[GIVEN ENTRIES — start]

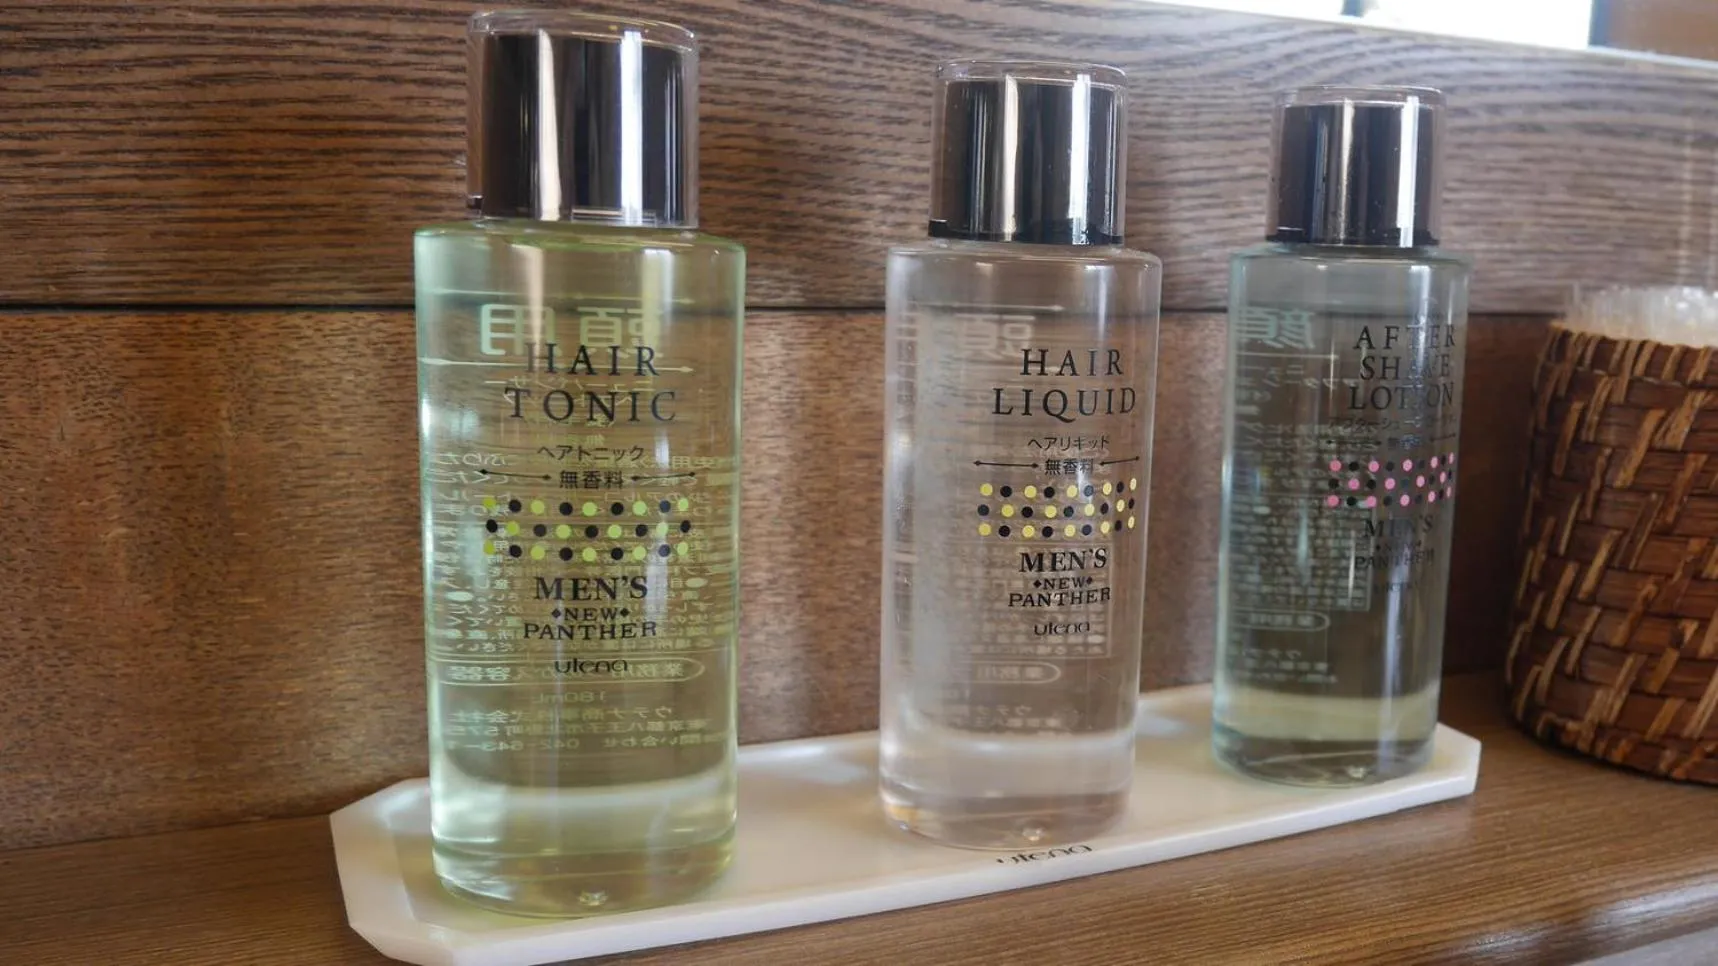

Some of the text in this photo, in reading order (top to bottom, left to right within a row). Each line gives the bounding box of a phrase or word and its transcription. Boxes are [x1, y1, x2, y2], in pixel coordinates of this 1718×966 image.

[1352, 323, 1456, 350] AFTER
[524, 342, 660, 376] HAIR
[1019, 348, 1125, 376] HAIR
[1359, 353, 1451, 381] SHVE
[504, 386, 677, 423] TONIC
[991, 387, 1137, 424] LIQUID
[1347, 381, 1455, 411] LOTON
[537, 444, 645, 462] ヘアトニック
[1027, 435, 1110, 451] ヘアリキッド
[1044, 458, 1095, 476] 無香料
[558, 469, 625, 490] 無香料
[1018, 547, 1109, 573] MEN'S
[534, 575, 649, 602] MEN'S
[1042, 576, 1087, 590] NEW
[1007, 586, 1112, 608] PANTHER
[563, 607, 619, 621] NEW
[523, 620, 658, 641] PANTHER
[1033, 621, 1091, 636] utena
[554, 657, 629, 674] utena
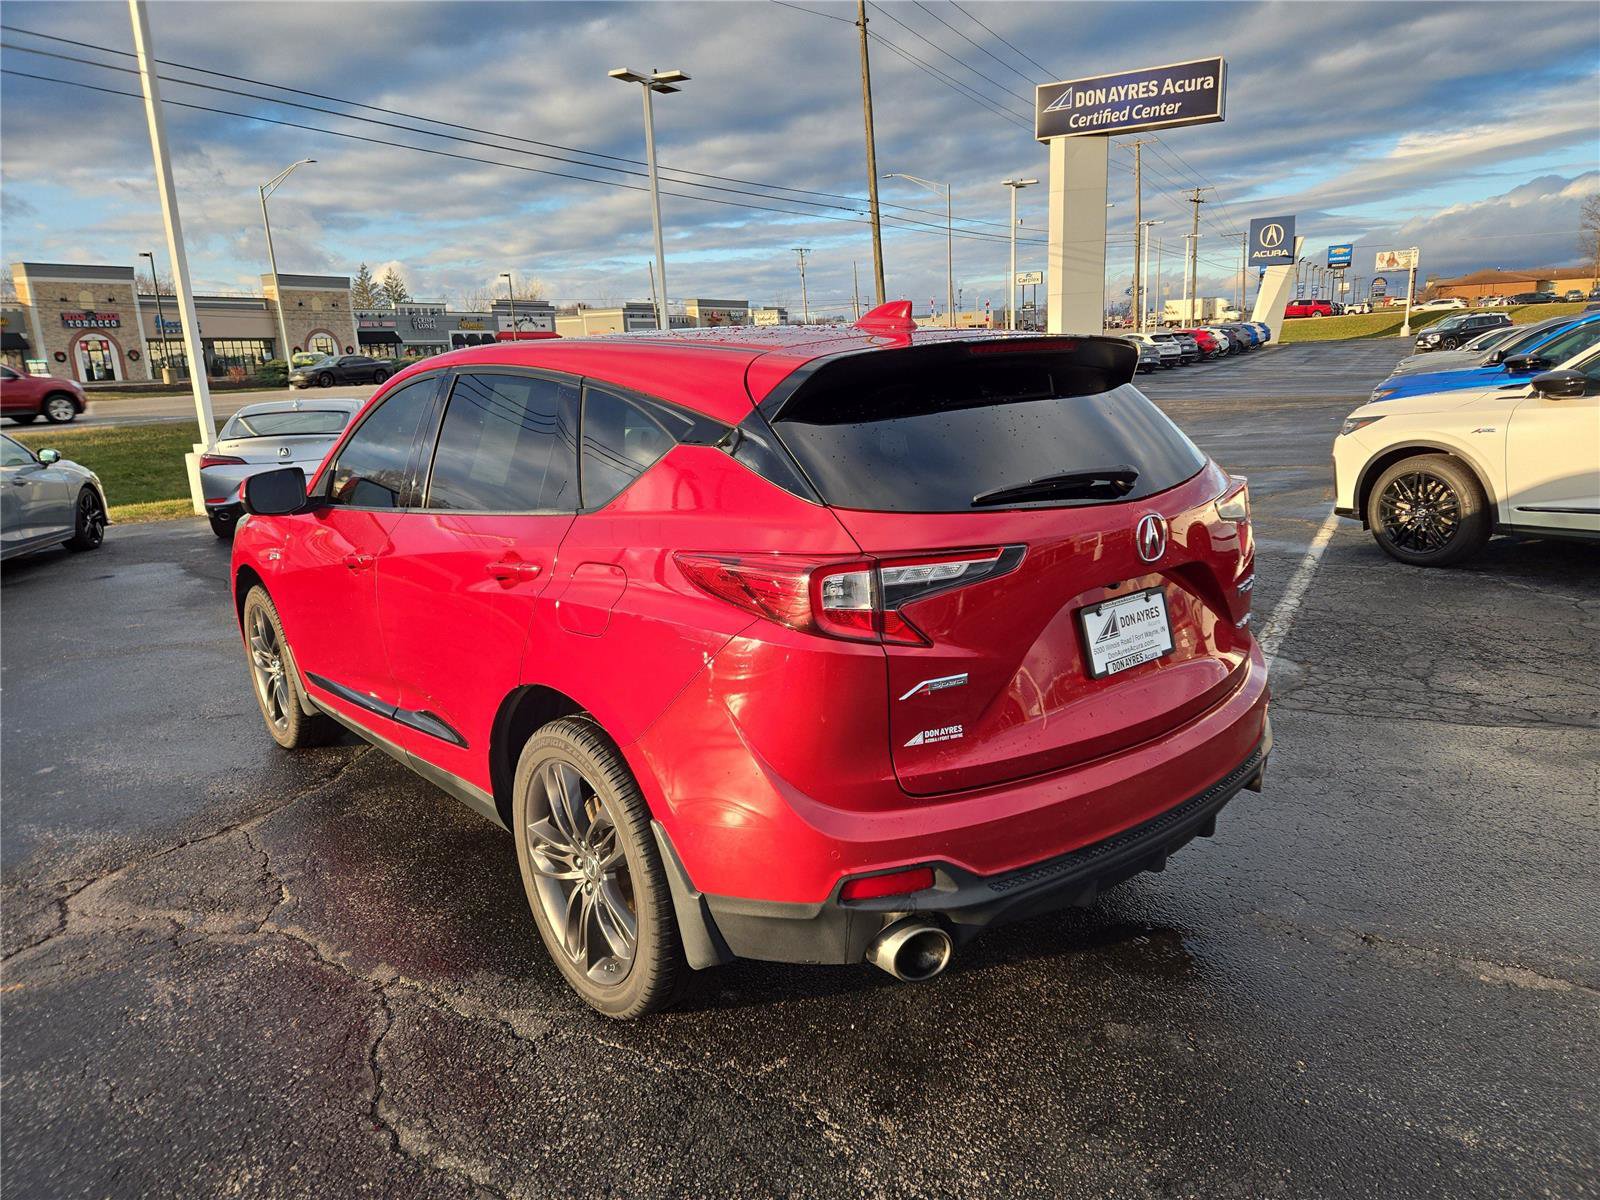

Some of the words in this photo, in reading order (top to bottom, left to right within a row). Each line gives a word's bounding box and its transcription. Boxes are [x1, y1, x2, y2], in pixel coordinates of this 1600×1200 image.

[1075, 88, 1106, 108] DON
[1108, 80, 1159, 103] AYRES
[1161, 75, 1215, 96] Acura
[1069, 105, 1130, 129] Certified
[1132, 101, 1182, 120] Center
[1252, 249, 1289, 258] ACURA
[67, 319, 118, 328] TOBACCO
[1120, 613, 1136, 628] DON
[1136, 606, 1160, 623] AYRES
[1135, 633, 1144, 641] Fort
[1112, 660, 1125, 672] DON
[1125, 653, 1144, 668] AYRES
[1144, 651, 1158, 661] Acura
[924, 729, 940, 738] DON
[939, 724, 963, 736] AYRES
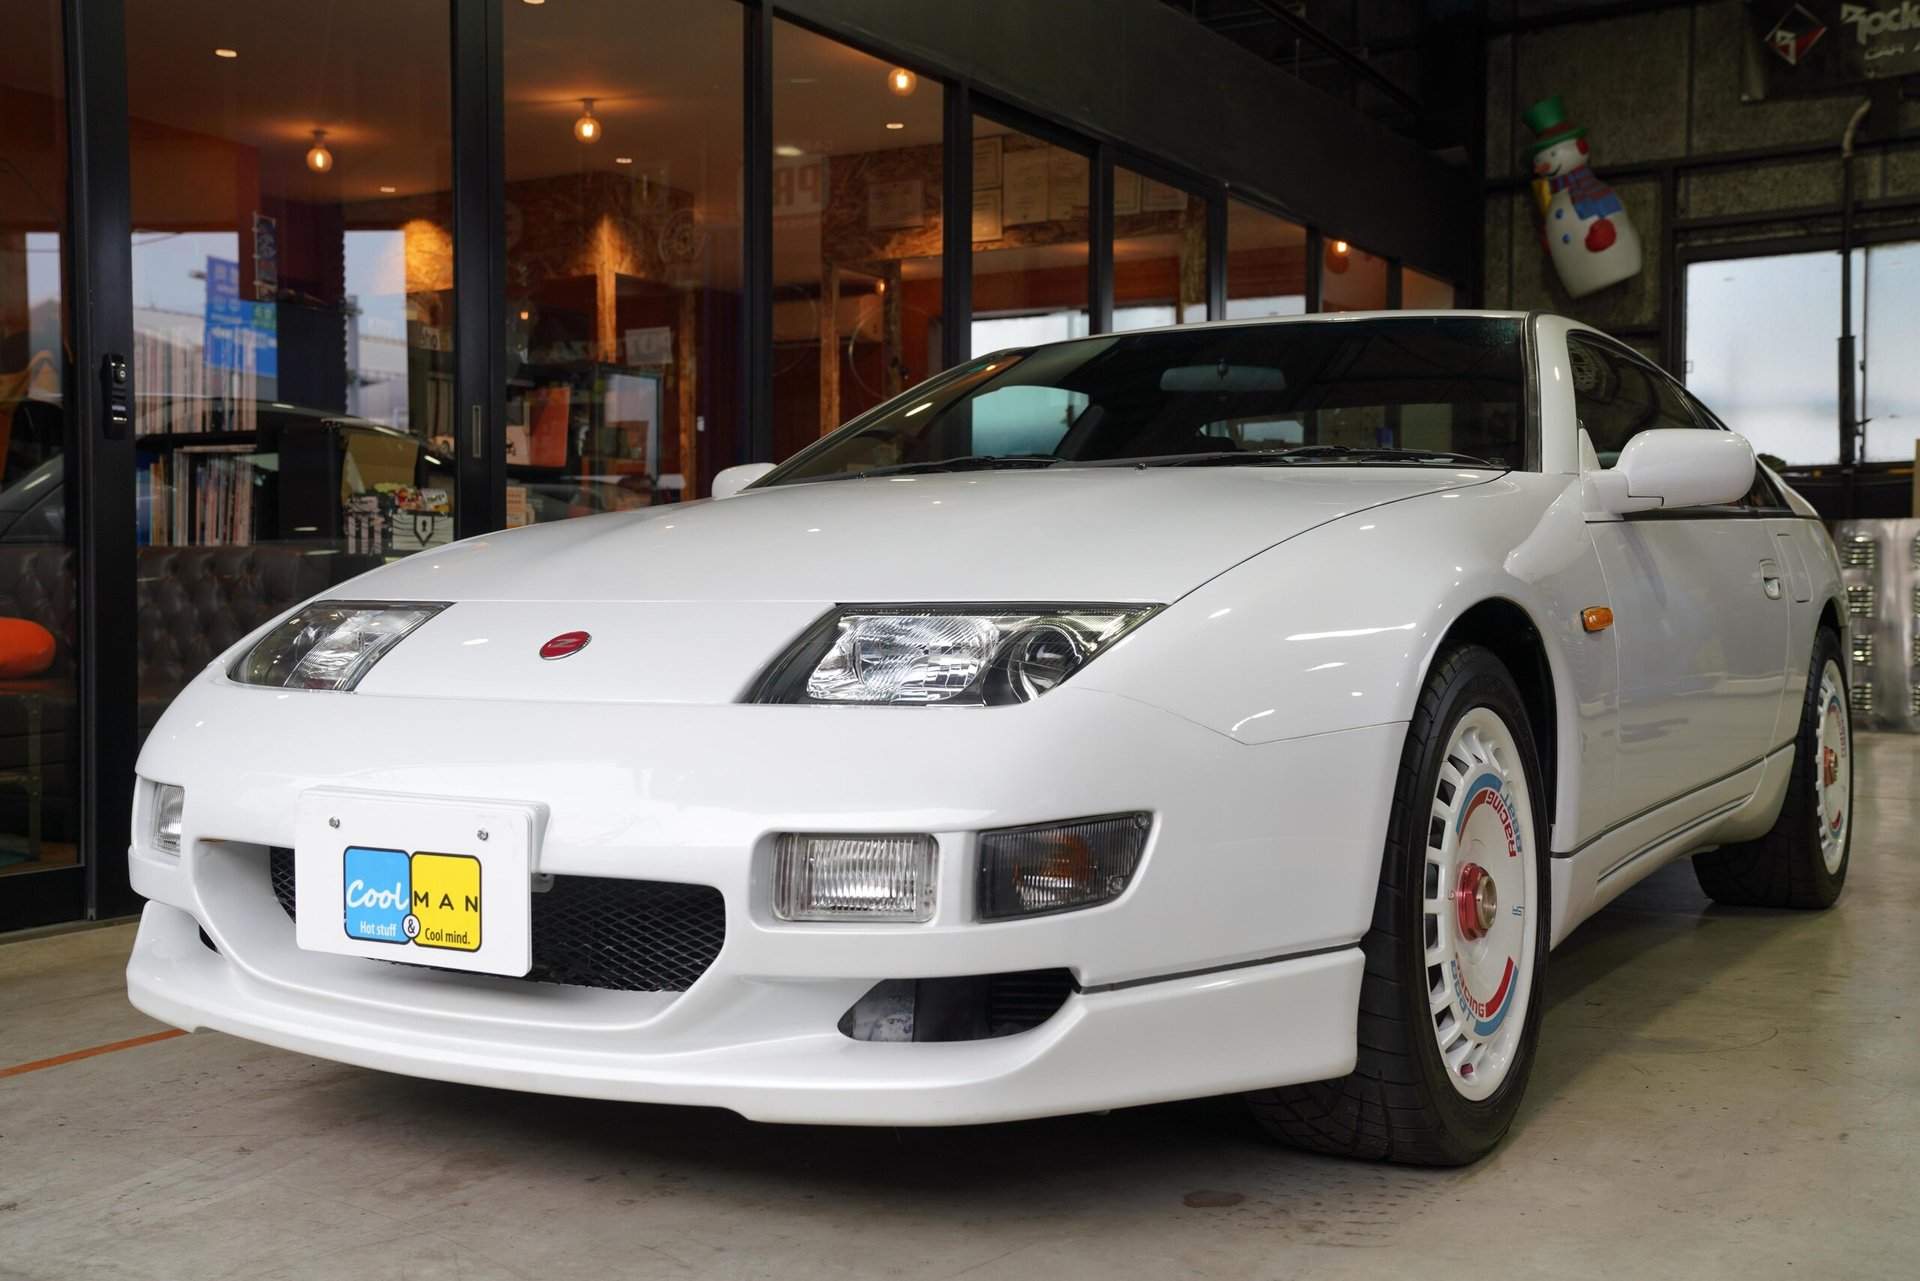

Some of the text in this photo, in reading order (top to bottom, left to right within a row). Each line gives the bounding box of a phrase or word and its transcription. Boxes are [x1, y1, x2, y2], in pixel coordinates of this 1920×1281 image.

[346, 879, 478, 913] Cool MAN
[359, 918, 471, 945] Hot stuff & Cool mind.

[GIVEN ENTRIES — finish]

EXERCISE BRIEF: Reproduce the listing exactly, minus its pictures.

ANSWER TO THIS TASK:
Some of the text in this photo, in reading order (top to bottom, left to right within a row). Each line gives the bounding box of a phrase or word and its transcription. Boxes are [x1, y1, x2, y2], in pixel coordinates of this 1718×966 image.

[1352, 323, 1456, 350] AFTER
[524, 342, 660, 376] HAIR
[1019, 348, 1125, 376] HAIR
[1359, 353, 1451, 381] SHVE
[504, 386, 677, 423] TONIC
[991, 387, 1137, 424] LIQUID
[1347, 381, 1455, 411] LOTON
[537, 444, 645, 462] ヘアトニック
[1027, 435, 1110, 451] ヘアリキッド
[1044, 458, 1095, 476] 無香料
[558, 469, 625, 490] 無香料
[1018, 547, 1109, 573] MEN'S
[534, 575, 649, 602] MEN'S
[1042, 576, 1087, 590] NEW
[1007, 586, 1112, 608] PANTHER
[563, 607, 619, 621] NEW
[523, 620, 658, 641] PANTHER
[1033, 621, 1091, 636] utena
[554, 657, 629, 674] utena

Some of the words in this photo, in reading order (top to bottom, left to right within a row). Each line gives a word's bounding box and its transcription. Boxes are [x1, y1, x2, y2], in pixel coordinates of this 1600×1200 image.

[1075, 88, 1106, 108] DON
[1108, 80, 1159, 103] AYRES
[1161, 75, 1215, 96] Acura
[1069, 105, 1130, 129] Certified
[1132, 101, 1182, 120] Center
[1252, 249, 1289, 258] ACURA
[67, 319, 118, 328] TOBACCO
[1120, 613, 1136, 628] DON
[1136, 606, 1160, 623] AYRES
[1135, 633, 1144, 641] Fort
[1112, 660, 1125, 672] DON
[1125, 653, 1144, 668] AYRES
[1144, 651, 1158, 661] Acura
[924, 729, 940, 738] DON
[939, 724, 963, 736] AYRES

Some of the text in this photo, in reading order (top to bottom, left to right within a row). Each line gives the bounding box of a phrase or word and its transcription. Boxes are [x1, y1, x2, y2], in pixel coordinates of this 1920×1281 image.

[346, 879, 478, 913] Cool MAN
[359, 918, 471, 945] Hot stuff & Cool mind.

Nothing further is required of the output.